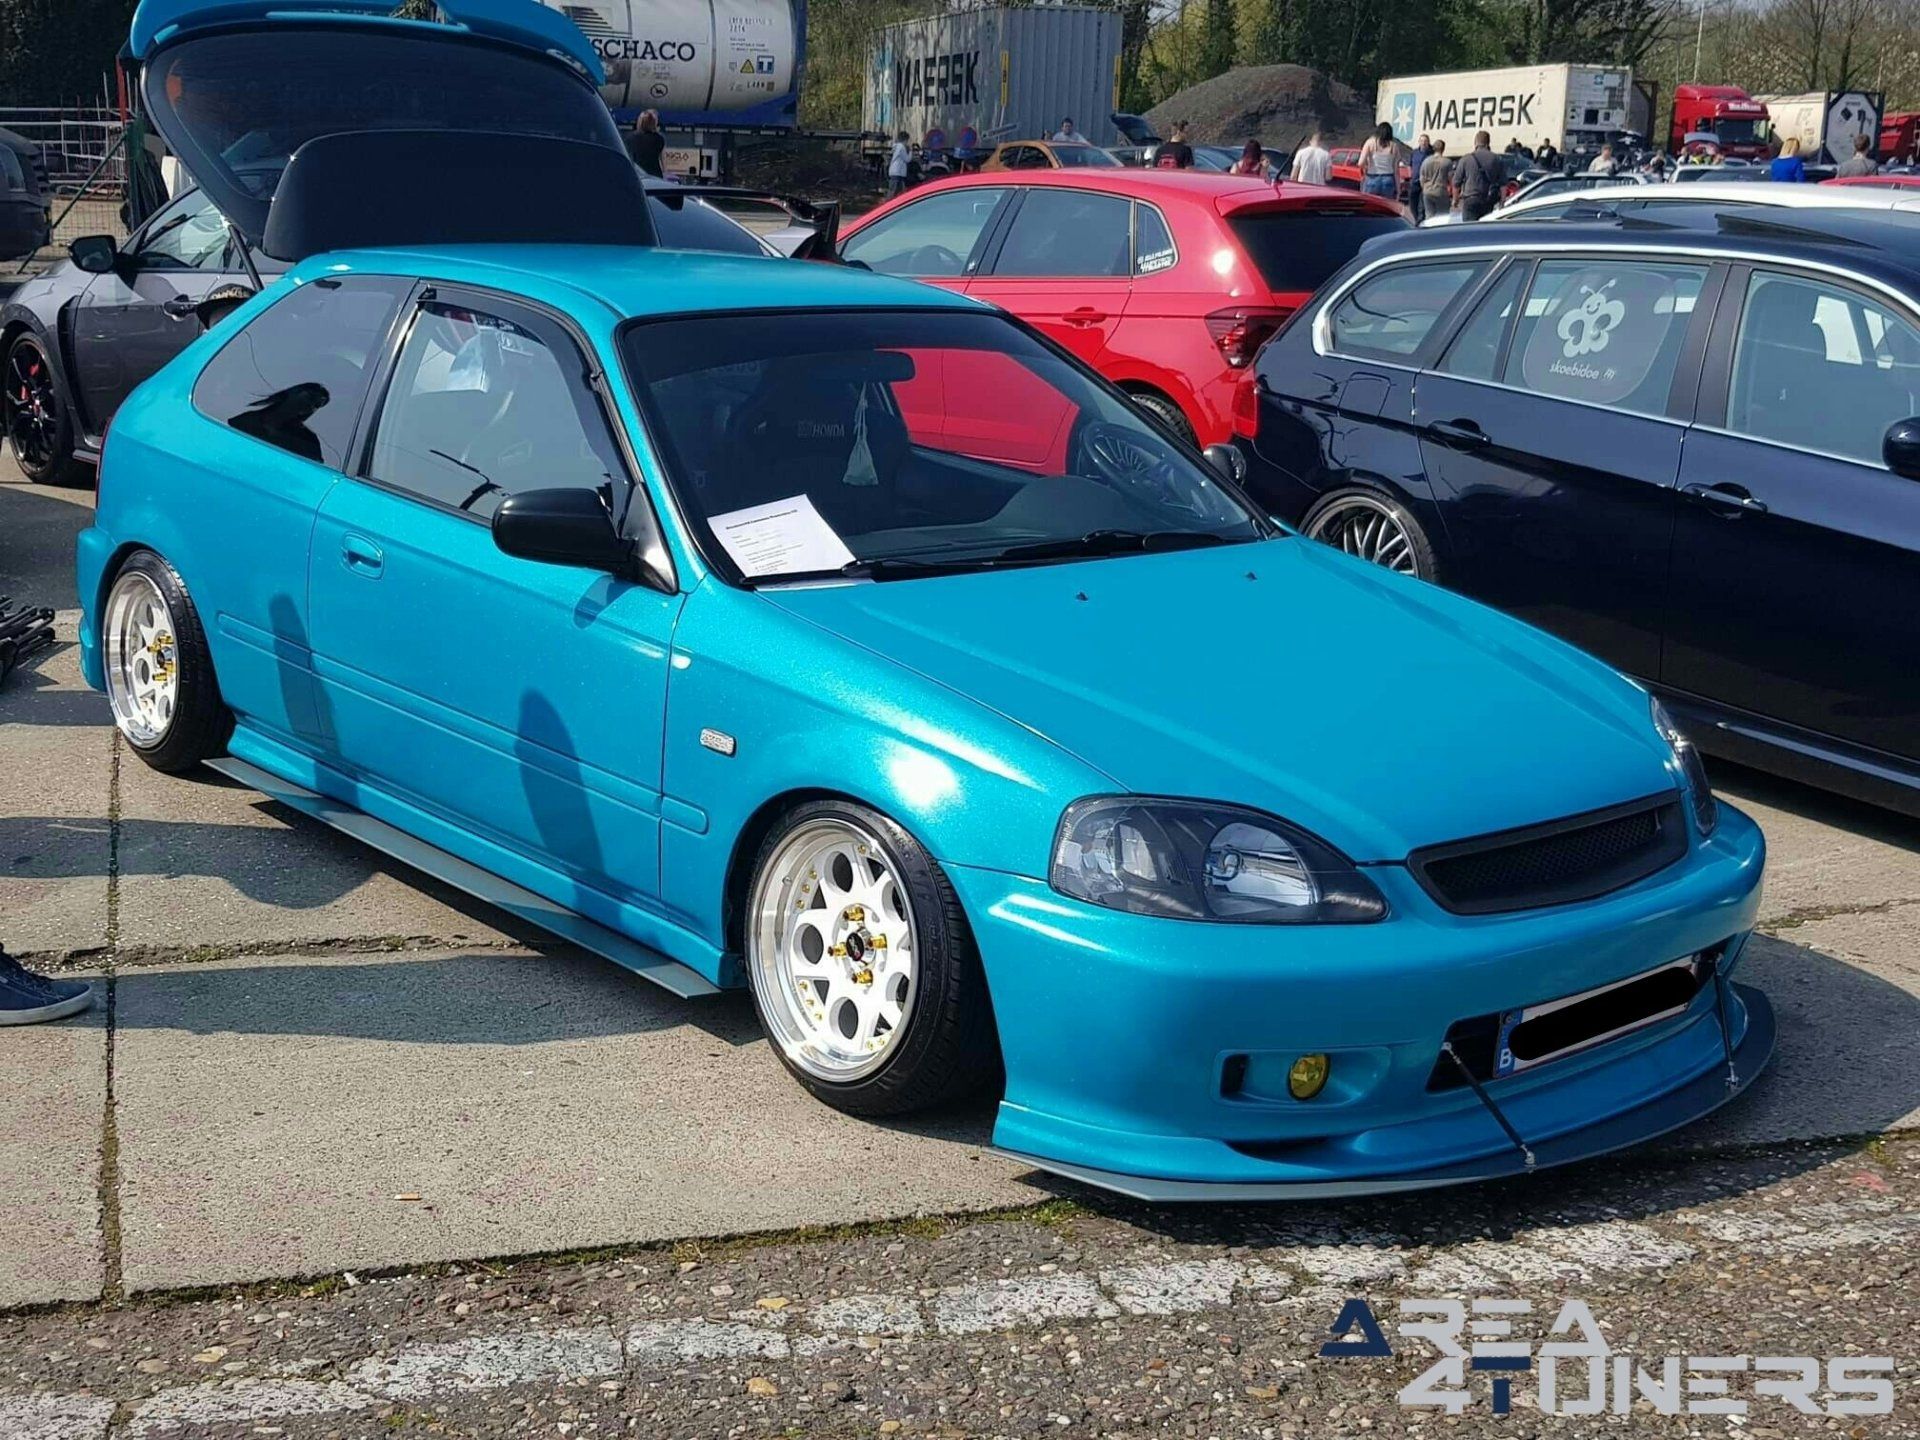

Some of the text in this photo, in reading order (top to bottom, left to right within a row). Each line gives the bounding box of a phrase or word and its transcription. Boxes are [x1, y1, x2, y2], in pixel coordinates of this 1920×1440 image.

[592, 39, 695, 62] SCHACO
[896, 51, 979, 108] MAERSK
[1423, 93, 1535, 131] MAERSK
[811, 423, 845, 438] HONDA
[1499, 1047, 1511, 1069] B

(TASK OBJECTIVE)
Your answer should contain all the material above, written out exactly, and none of the pictures.

(RESPONSE TO THE EXERCISE)
Some of the text in this photo, in reading order (top to bottom, left to right within a row). Each line gives the bounding box of a phrase or word and its transcription. Boxes are [x1, y1, x2, y2], in pixel coordinates of this 1920×1440 image.

[592, 39, 695, 62] SCHACO
[896, 51, 979, 108] MAERSK
[1423, 93, 1535, 131] MAERSK
[811, 423, 845, 438] HONDA
[1499, 1047, 1511, 1069] B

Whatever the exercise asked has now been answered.